In Deus caritas est (his first encyclical), Pope Benedict XVI mentioned Teresa three times and used her life to clarify one of the encyclical's main points: "In the example of Blessed Teresa of Calcutta we have a clear illustration of the fact that time devoted to God in prayer not only does not detract from effective and loving service to our neighbour but is in fact the inexhaustible source of that service." She wrote, "It is only by mental prayer and spiritual reading that we can cultivate the gift of prayer."

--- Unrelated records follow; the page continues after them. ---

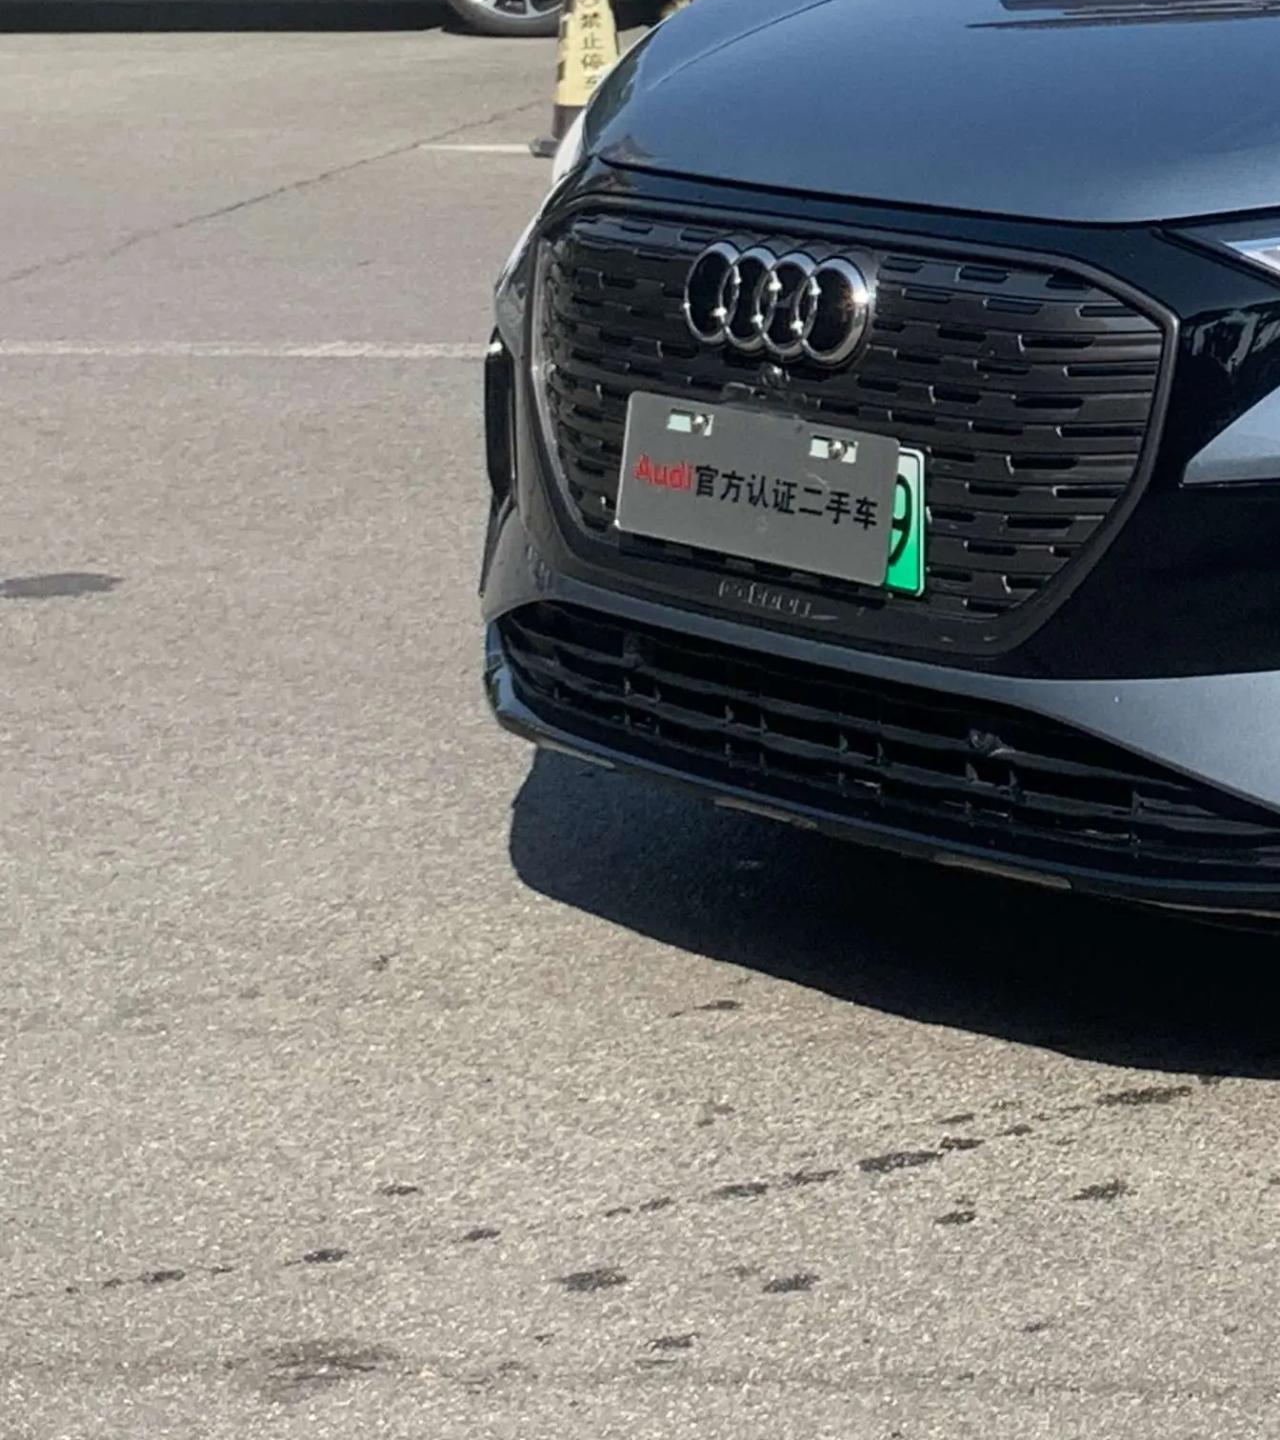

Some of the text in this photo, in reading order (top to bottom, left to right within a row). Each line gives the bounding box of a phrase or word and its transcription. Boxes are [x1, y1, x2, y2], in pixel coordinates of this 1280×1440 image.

[633, 454, 878, 531] Audi 官方认证二手车
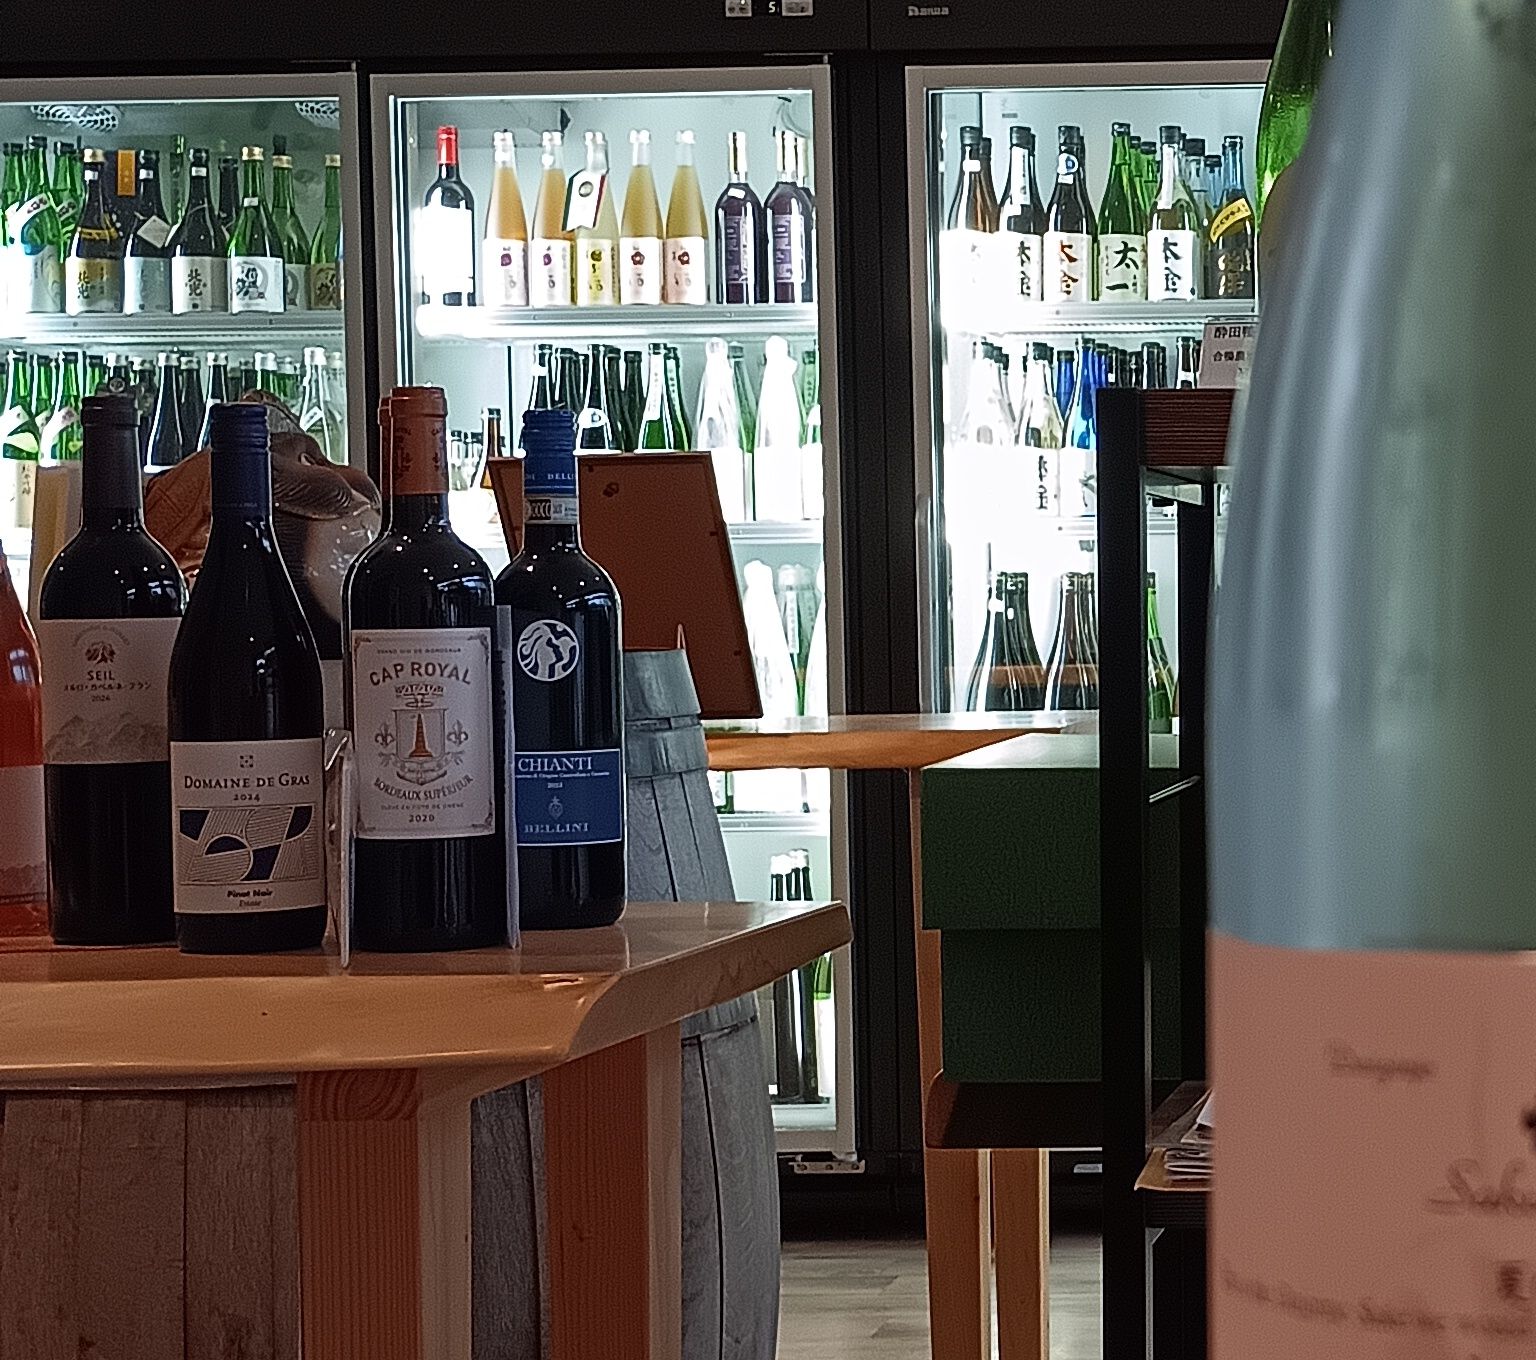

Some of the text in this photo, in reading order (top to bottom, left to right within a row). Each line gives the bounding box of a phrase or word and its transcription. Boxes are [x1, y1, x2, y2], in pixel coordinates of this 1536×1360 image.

[87, 670, 115, 681] SEIL
[370, 662, 471, 686] CAP ROYAL
[518, 757, 592, 772] CHIANTI
[184, 773, 310, 789] DOMAINE DE GRAS
[374, 778, 421, 800] BORDEAUX
[409, 814, 435, 823] 2020
[524, 823, 588, 833] BELLINI

Although her order was not connected with the Franciscan orders, Teresa admired Francis of Assisi and was influenced by Franciscan spirituality. The Sisters of Charity recite the prayer of Saint Francis every morning at mass during the thanksgiving after Communion, and their emphasis on ministry and many of their vows are similar. Francis emphasised poverty, chastity, obedience and submission to Christ. He devoted much of his life to serving the poor, particularly lepers.
Canonisation
Miracle and beatification

After Teresa's death in 1997, the Holy See began the process of beatification (the third step towards canonisation) and Kolodiejchuk was appointed postulator by the Diocese of Calcutta. Although he said, "We didn't have to prove that she was perfect or never made a mistake ...", he had to prove that Teresa's virtue was heroic. Kolodiejchuk submitted 76 documents, totalling 35,000 pages, which were based on interviews with 113 witnesses who were asked to answer 263 questions.

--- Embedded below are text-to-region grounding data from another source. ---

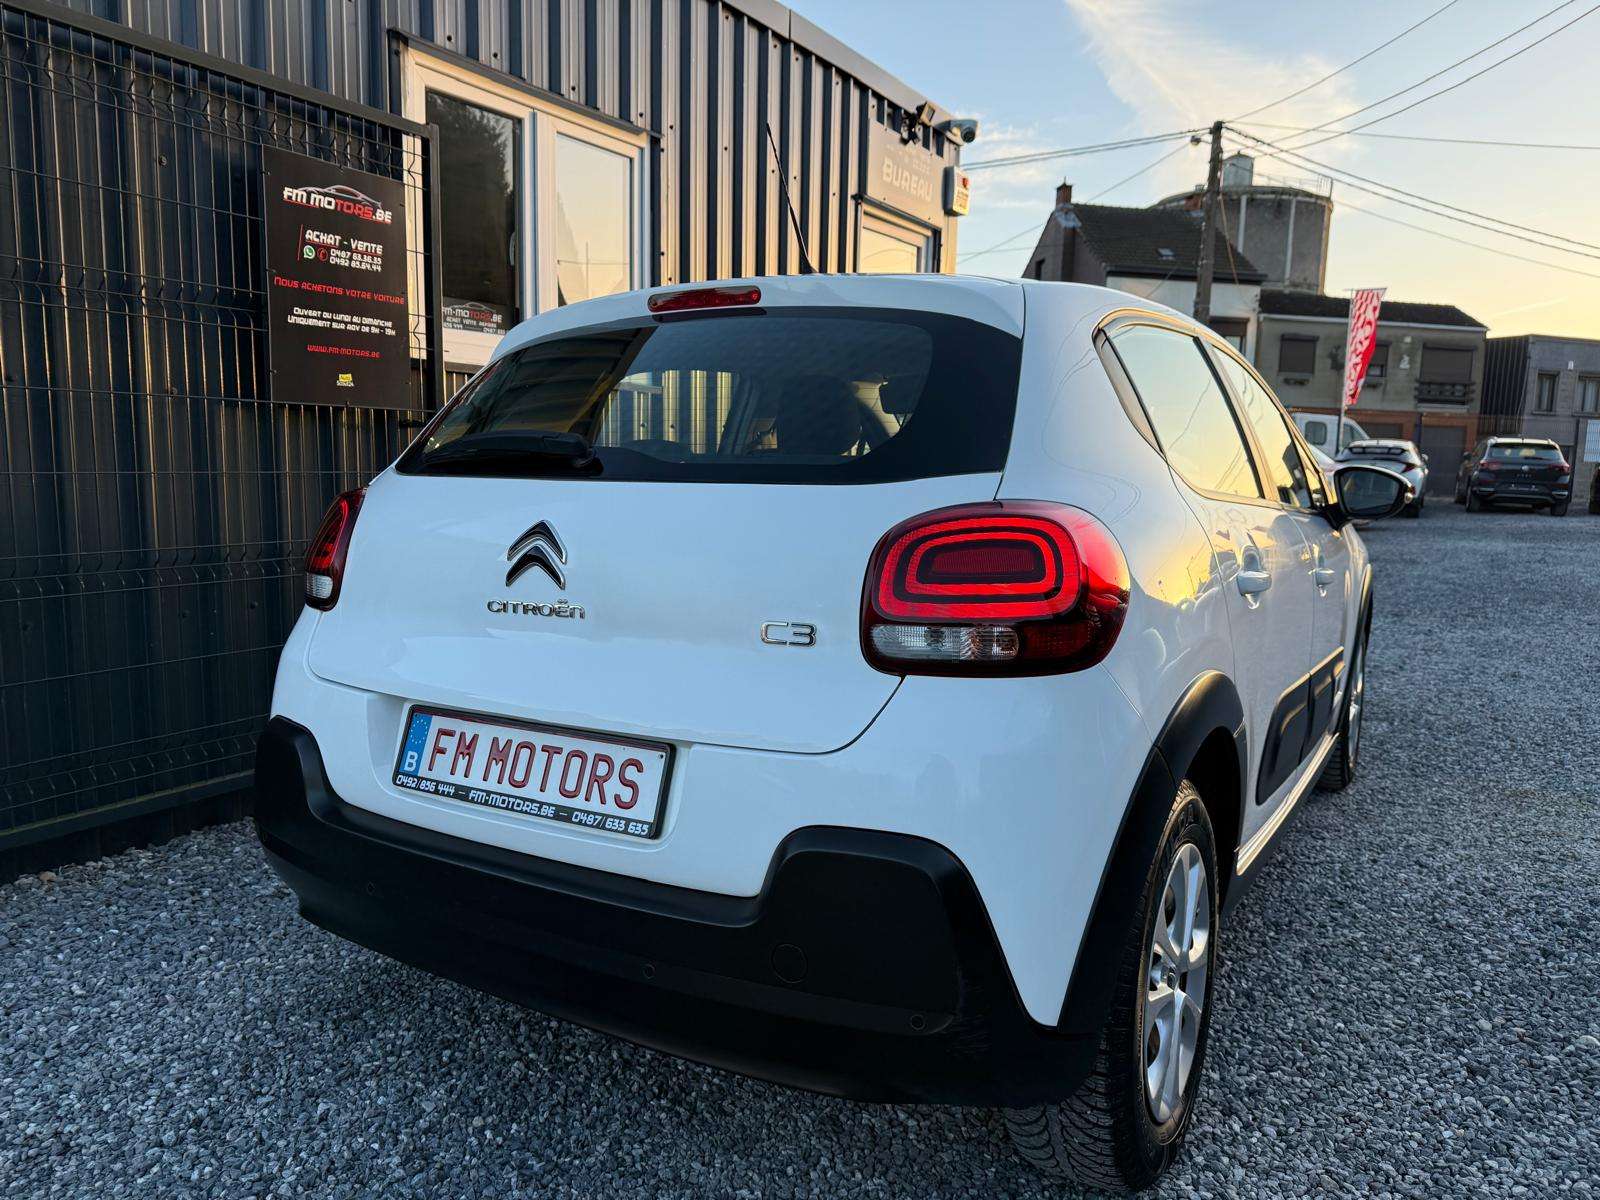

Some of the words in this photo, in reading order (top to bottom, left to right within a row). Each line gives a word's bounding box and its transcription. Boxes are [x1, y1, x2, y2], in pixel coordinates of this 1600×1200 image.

[882, 157, 933, 202] BUREAU
[283, 186, 307, 203] FM
[310, 193, 393, 223] MOTORS.BE
[305, 229, 341, 247] ACHAT
[351, 238, 383, 255] VENTE
[330, 248, 351, 259] 0487
[329, 256, 350, 267] 0492
[761, 620, 817, 647] C3
[403, 750, 418, 772] B
[428, 727, 479, 778] FM
[483, 736, 644, 810] MOTORS
[469, 789, 556, 818] FM-MOTORS.BE

The process of canonisation requires the documentation of a miracle resulting from the intercession of the prospective saint.[144] In 2002 the Vatican recognised as a miracle the healing of a tumour in the abdomen of Monica Besra, an Indian woman, after the application of a locket containing Teresa's picture. According to Besra, a beam of light emanated from the picture and her cancerous tumour was cured; however, her husband and some of her medical staff said that conventional medical treatment eradicated the tumour. Dr. Ranjan Mustafi, who told the New York Times he had treated Besra, said that the cyst was caused by tuberculosis: "It was not a miracle ... She took medicines for nine months to one year." According to Besra's husband, "My wife was cured by the doctors and not by any miracle ... This miracle is a hoax." Besra said that her medical records, including sonograms, prescriptions and physicians' notes, were confiscated by Sister Betta of the Missionaries of Charity. According to Time, calls to Sister Betta and the office of Sister Nirmala (Teresa's successor as head of the order) elicited no comment. Officials at Balurghat Hospital, where Besra sought medical treatment, said that they were pressured by the order to call her cure miraculous. In February 2000, former West Bengal health minister Partho De ordered a review of Besra's medical records at the Department of Health in Kolkata. According to De, there was nothing unusual about her illness and cure based on her lengthy treatment. He said that he had refused to give the Vatican the name of a doctor who would certify that Monica Besra's healing was a miracle.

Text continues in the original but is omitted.